(Records from a dataset)
═══

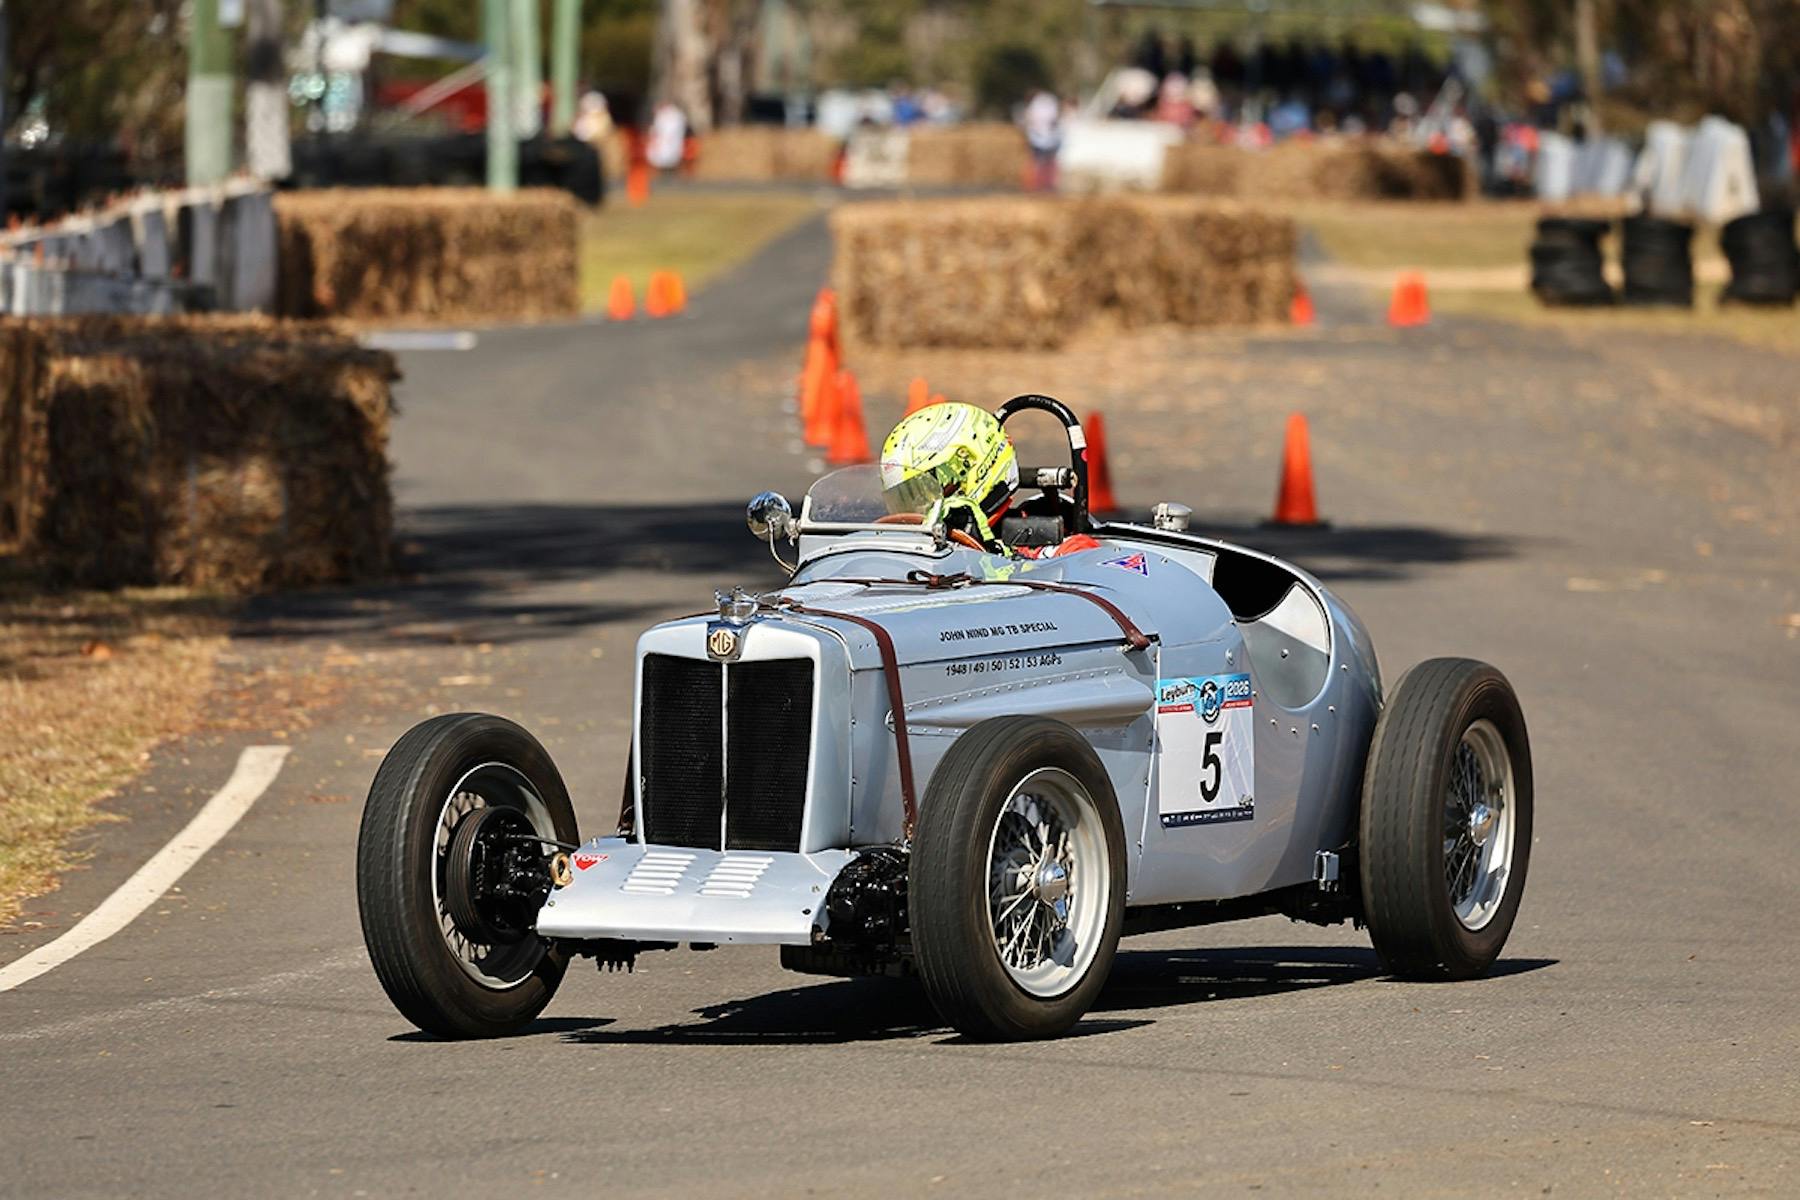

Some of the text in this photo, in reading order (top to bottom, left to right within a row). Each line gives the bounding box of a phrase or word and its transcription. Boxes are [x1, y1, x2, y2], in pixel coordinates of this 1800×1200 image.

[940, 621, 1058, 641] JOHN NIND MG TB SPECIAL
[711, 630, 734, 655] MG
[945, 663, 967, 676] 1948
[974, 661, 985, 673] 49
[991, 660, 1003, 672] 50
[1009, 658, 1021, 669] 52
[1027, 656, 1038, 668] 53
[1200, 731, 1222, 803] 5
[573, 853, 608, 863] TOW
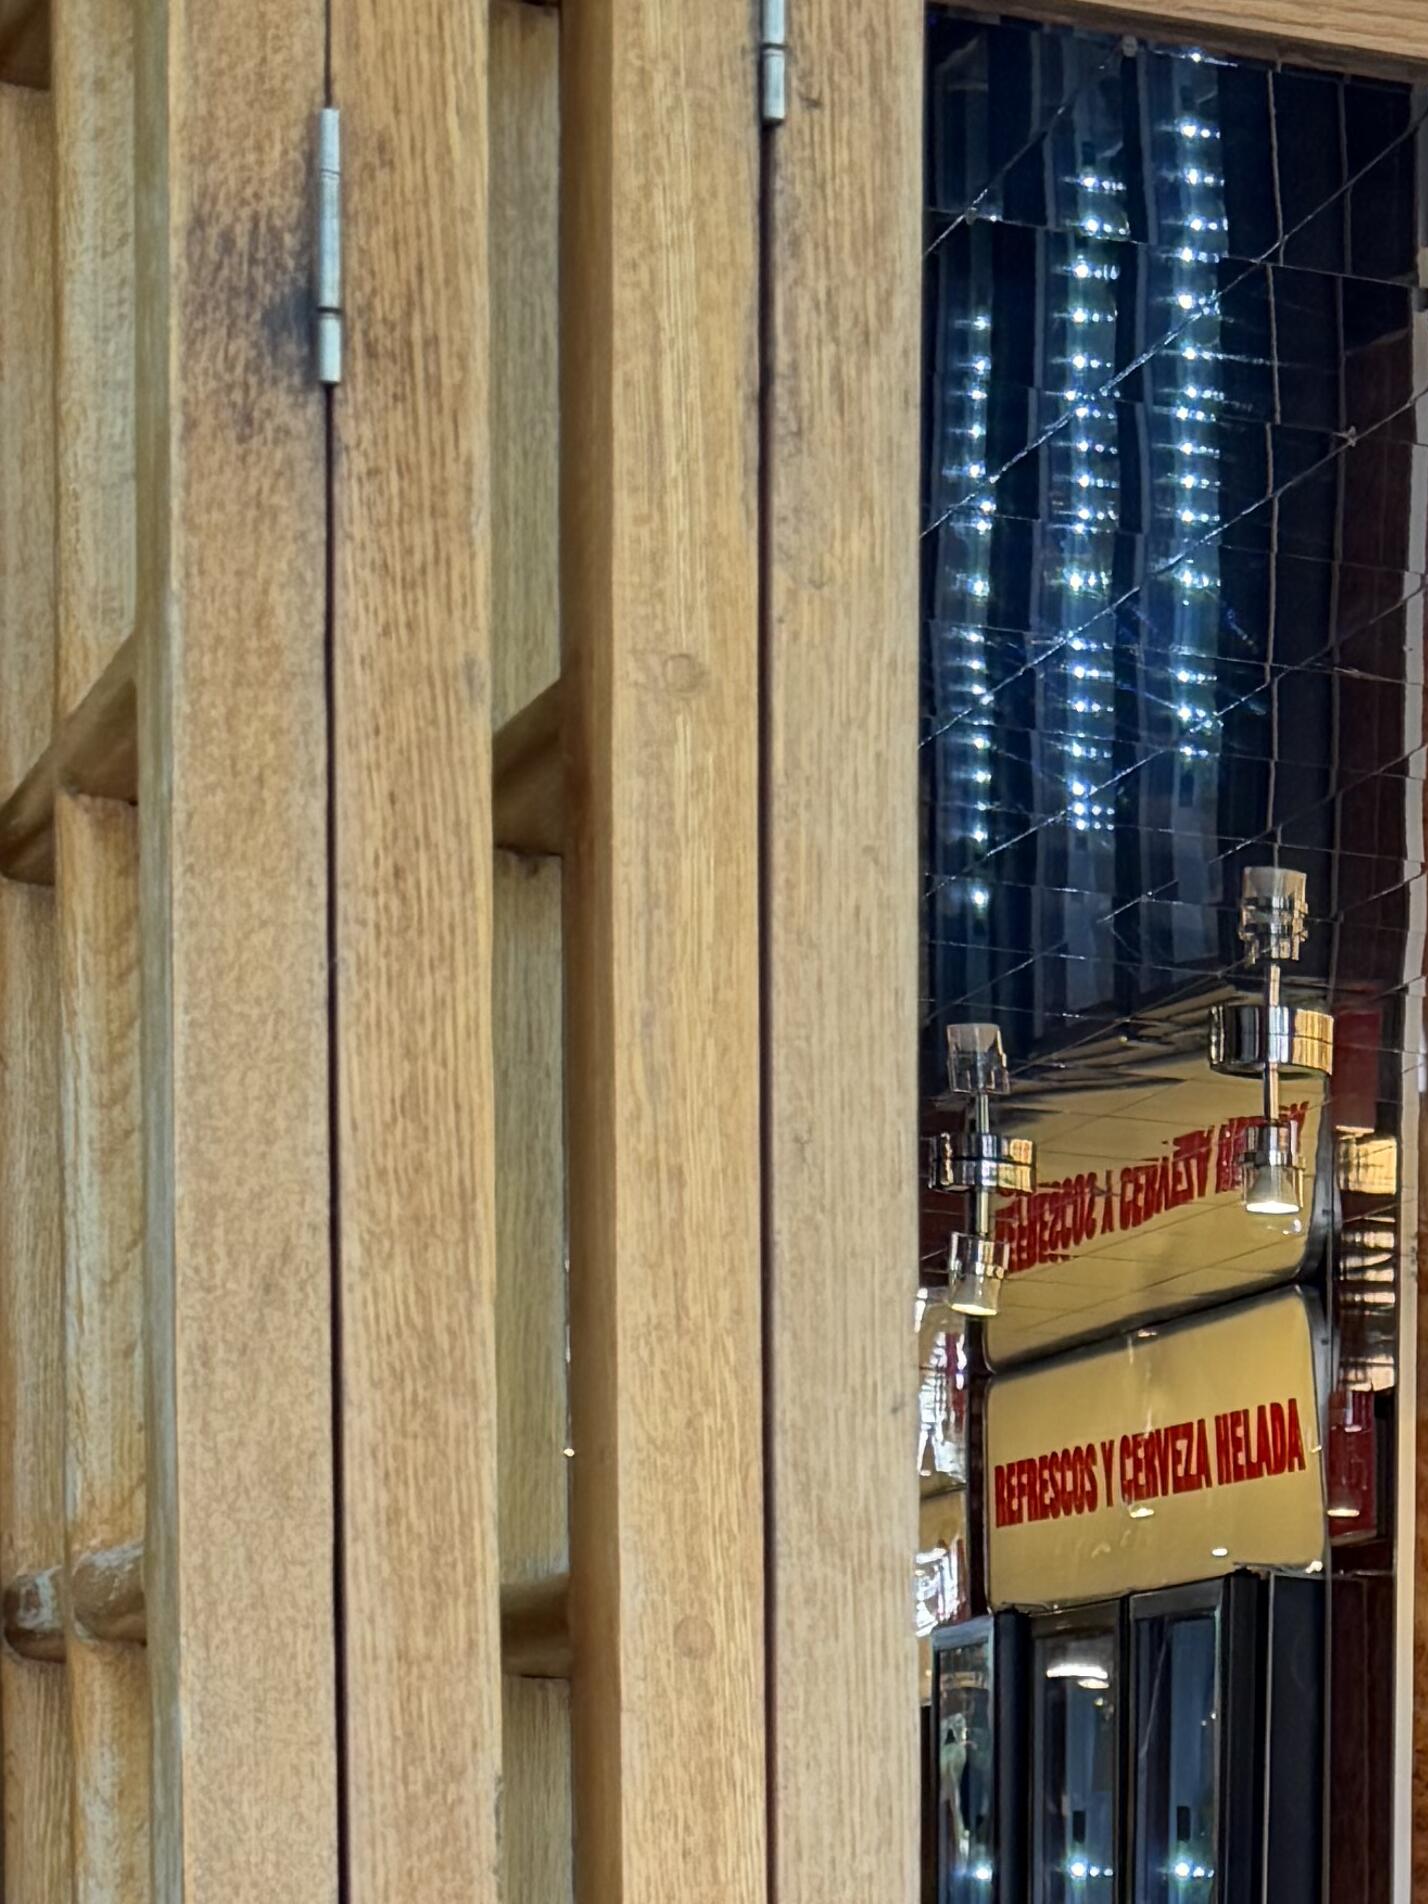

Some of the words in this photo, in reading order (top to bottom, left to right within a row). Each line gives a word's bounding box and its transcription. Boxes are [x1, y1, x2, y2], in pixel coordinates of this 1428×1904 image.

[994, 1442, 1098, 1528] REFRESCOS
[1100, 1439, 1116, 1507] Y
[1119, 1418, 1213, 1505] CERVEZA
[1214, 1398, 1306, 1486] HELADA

═══

◆ TASK TO CARRY OUT: Omit every picture while transcribing the records above exactly.

◆ EXERCISE RESPONSE:
Some of the text in this photo, in reading order (top to bottom, left to right within a row). Each line gives the bounding box of a phrase or word and its transcription. Boxes are [x1, y1, x2, y2], in pixel coordinates of this 1800×1200 image.

[940, 621, 1058, 641] JOHN NIND MG TB SPECIAL
[711, 630, 734, 655] MG
[945, 663, 967, 676] 1948
[974, 661, 985, 673] 49
[991, 660, 1003, 672] 50
[1009, 658, 1021, 669] 52
[1027, 656, 1038, 668] 53
[1200, 731, 1222, 803] 5
[573, 853, 608, 863] TOW

Some of the words in this photo, in reading order (top to bottom, left to right within a row). Each line gives a word's bounding box and its transcription. Boxes are [x1, y1, x2, y2], in pixel coordinates of this 1428×1904 image.

[994, 1442, 1098, 1528] REFRESCOS
[1100, 1439, 1116, 1507] Y
[1119, 1418, 1213, 1505] CERVEZA
[1214, 1398, 1306, 1486] HELADA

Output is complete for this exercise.